▶ **RECORDS TO USE**
- - - - -

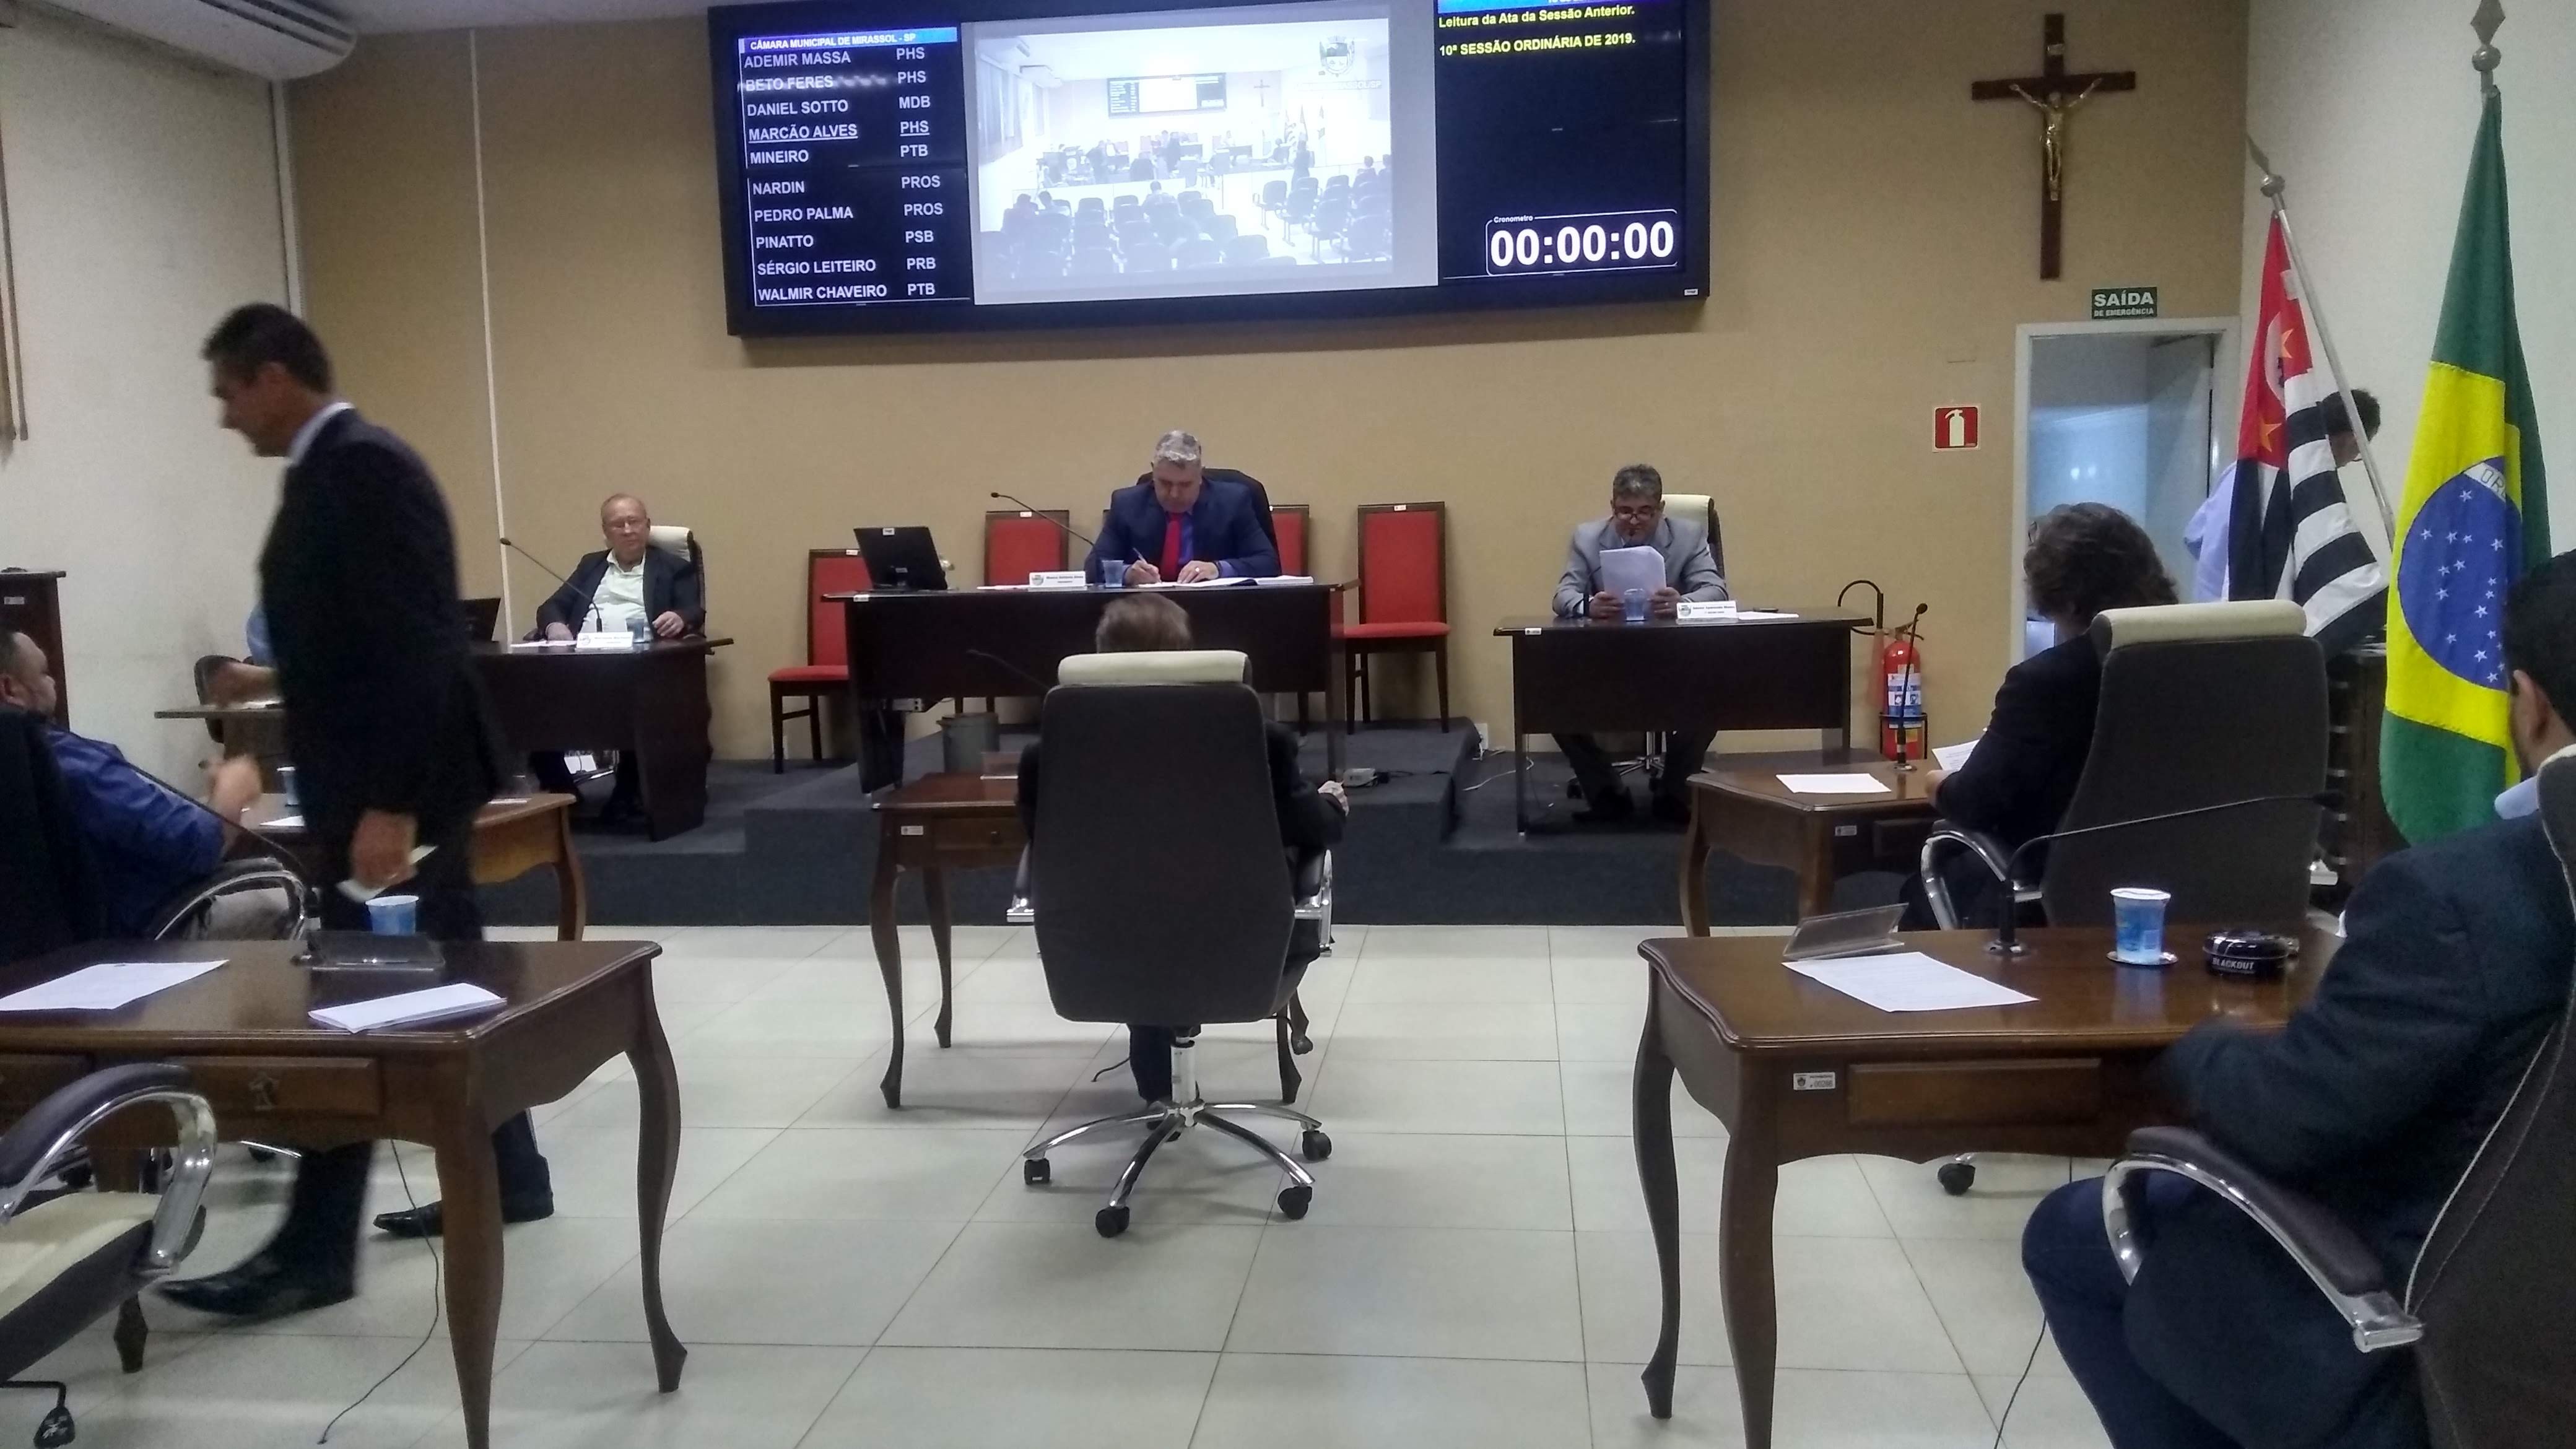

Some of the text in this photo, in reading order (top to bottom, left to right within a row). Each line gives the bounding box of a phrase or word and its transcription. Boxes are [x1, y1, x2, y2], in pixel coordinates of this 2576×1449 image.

[1439, 4, 1635, 27] Leitura da Ata da Sessão Anterior.
[751, 40, 788, 50] CÂMARA
[790, 38, 837, 48] MUNICIPAL
[838, 37, 850, 45] DE
[852, 34, 897, 44] MIRASSOL
[904, 33, 916, 41] SP
[1460, 40, 1511, 54] SESSÃO
[1514, 35, 1582, 51] ORDINÁRIA
[1585, 35, 1602, 46] DE
[1605, 33, 1635, 45] 2019.
[744, 51, 851, 68] ADEMIR MASSA
[897, 47, 925, 60] PHS
[746, 76, 833, 92] BETO FERES
[899, 71, 926, 84] PHS
[747, 99, 848, 116] DANIEL SOTTO
[899, 96, 930, 108] MDB
[749, 124, 857, 141] MARCÃO ALVES
[900, 121, 929, 133] PHS
[751, 150, 809, 163] MINEIRO
[900, 145, 928, 157] PTB
[752, 181, 805, 194] NARDIN
[902, 175, 941, 188] PROS
[754, 206, 853, 222] PEDRO PALMA
[904, 202, 943, 215] PROS
[1494, 215, 1533, 223] Cronometro
[756, 235, 814, 248] PINATTO
[905, 230, 934, 243] PSB
[1491, 221, 1674, 266] 00:00:00
[757, 259, 876, 275] SÉRGIO LEITEIRO
[907, 257, 936, 269] PRB
[759, 284, 887, 300] WALMIR CHAVEIRO
[908, 283, 935, 295] PTB
[2094, 290, 2154, 307] SAÍDA
[2106, 308, 2154, 316] EMERGÊNCIA
[2212, 957, 2254, 970] BLACKOUT
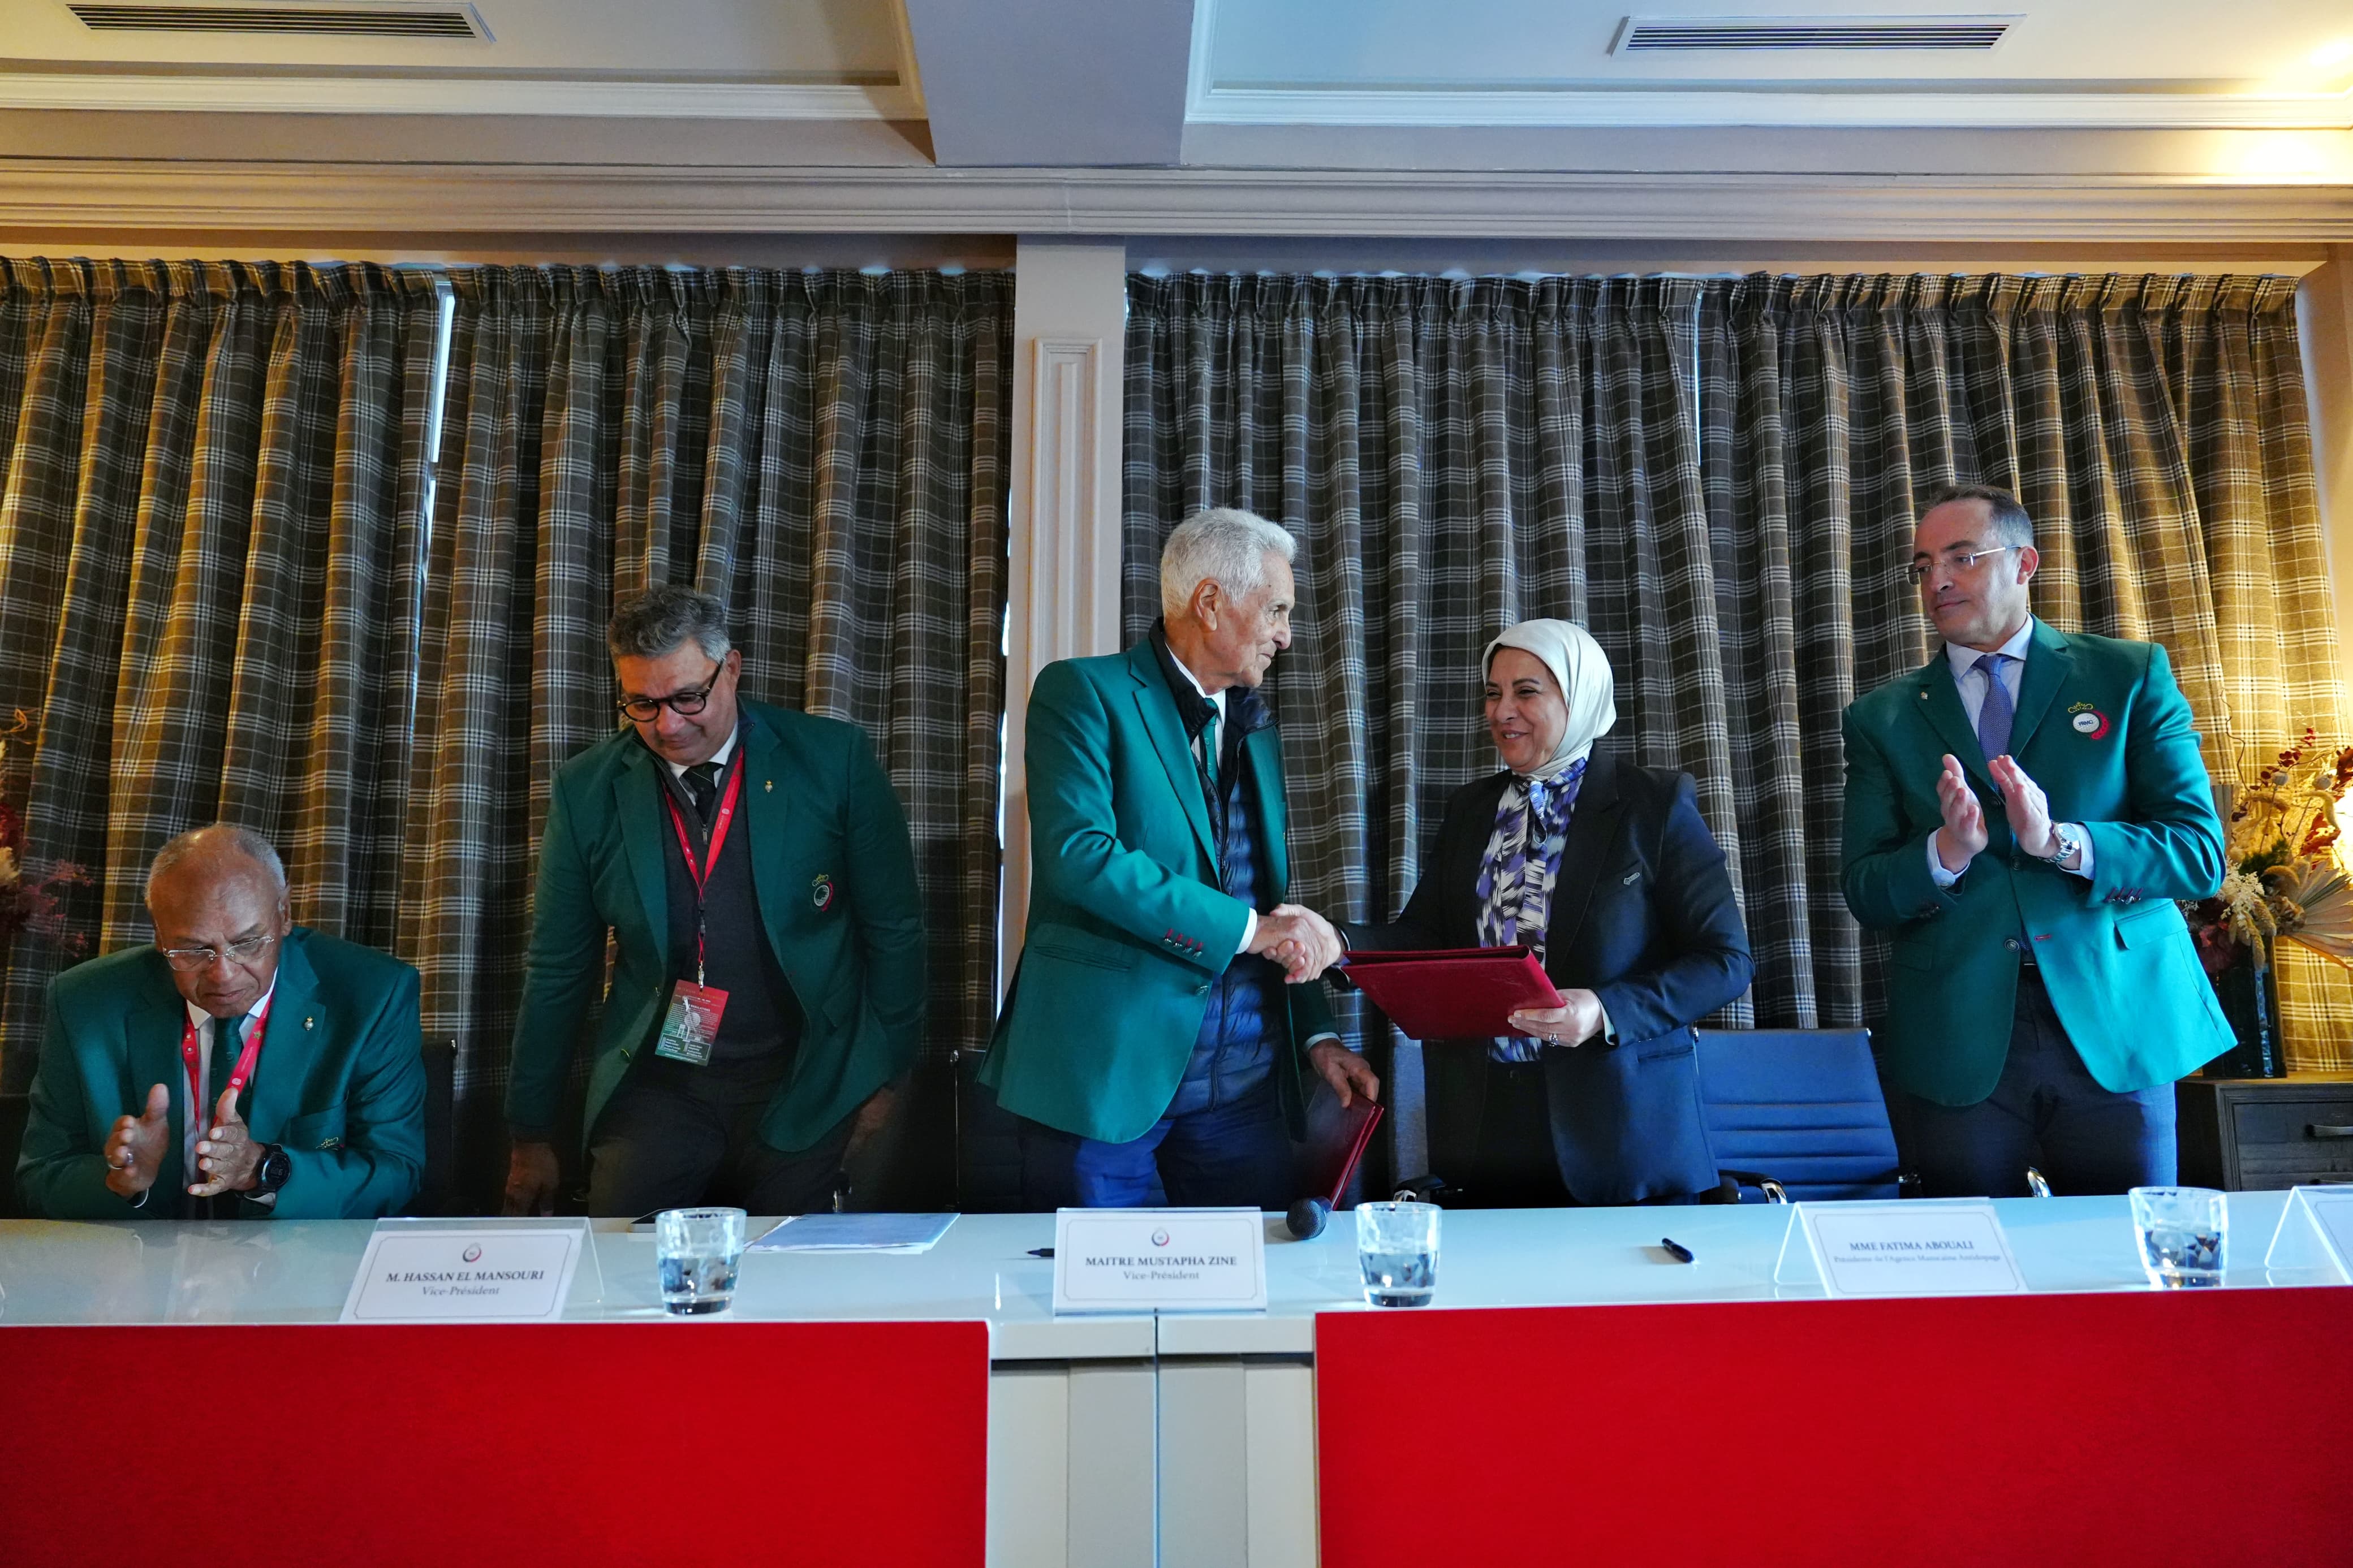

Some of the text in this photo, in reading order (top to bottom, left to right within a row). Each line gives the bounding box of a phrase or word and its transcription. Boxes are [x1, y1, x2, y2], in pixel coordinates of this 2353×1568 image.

[1850, 1241, 1975, 1251] MME FATIMA ABOUALI
[1085, 1255, 1237, 1266] MAITRE MUSTAPHA ZINE
[386, 1270, 544, 1282] M. HASSAN EL MANSOURI
[1123, 1270, 1200, 1280] Vice-Président
[423, 1285, 500, 1295] Vice-Président

- - - - -

▶ **WHAT YOU NEED TO DO**
Leave out the pictures and return the rest of the records exactly.

▶ **WRITTEN ANSWER**
Some of the text in this photo, in reading order (top to bottom, left to right within a row). Each line gives the bounding box of a phrase or word and its transcription. Boxes are [x1, y1, x2, y2], in pixel coordinates of this 2576×1449 image.

[1439, 4, 1635, 27] Leitura da Ata da Sessão Anterior.
[751, 40, 788, 50] CÂMARA
[790, 38, 837, 48] MUNICIPAL
[838, 37, 850, 45] DE
[852, 34, 897, 44] MIRASSOL
[904, 33, 916, 41] SP
[1460, 40, 1511, 54] SESSÃO
[1514, 35, 1582, 51] ORDINÁRIA
[1585, 35, 1602, 46] DE
[1605, 33, 1635, 45] 2019.
[744, 51, 851, 68] ADEMIR MASSA
[897, 47, 925, 60] PHS
[746, 76, 833, 92] BETO FERES
[899, 71, 926, 84] PHS
[747, 99, 848, 116] DANIEL SOTTO
[899, 96, 930, 108] MDB
[749, 124, 857, 141] MARCÃO ALVES
[900, 121, 929, 133] PHS
[751, 150, 809, 163] MINEIRO
[900, 145, 928, 157] PTB
[752, 181, 805, 194] NARDIN
[902, 175, 941, 188] PROS
[754, 206, 853, 222] PEDRO PALMA
[904, 202, 943, 215] PROS
[1494, 215, 1533, 223] Cronometro
[756, 235, 814, 248] PINATTO
[905, 230, 934, 243] PSB
[1491, 221, 1674, 266] 00:00:00
[757, 259, 876, 275] SÉRGIO LEITEIRO
[907, 257, 936, 269] PRB
[759, 284, 887, 300] WALMIR CHAVEIRO
[908, 283, 935, 295] PTB
[2094, 290, 2154, 307] SAÍDA
[2106, 308, 2154, 316] EMERGÊNCIA
[2212, 957, 2254, 970] BLACKOUT

Some of the text in this photo, in reading order (top to bottom, left to right within a row). Each line gives the bounding box of a phrase or word and its transcription. Boxes are [x1, y1, x2, y2], in pixel coordinates of this 2353×1568 image.

[1850, 1241, 1975, 1251] MME FATIMA ABOUALI
[1085, 1255, 1237, 1266] MAITRE MUSTAPHA ZINE
[386, 1270, 544, 1282] M. HASSAN EL MANSOURI
[1123, 1270, 1200, 1280] Vice-Président
[423, 1285, 500, 1295] Vice-Président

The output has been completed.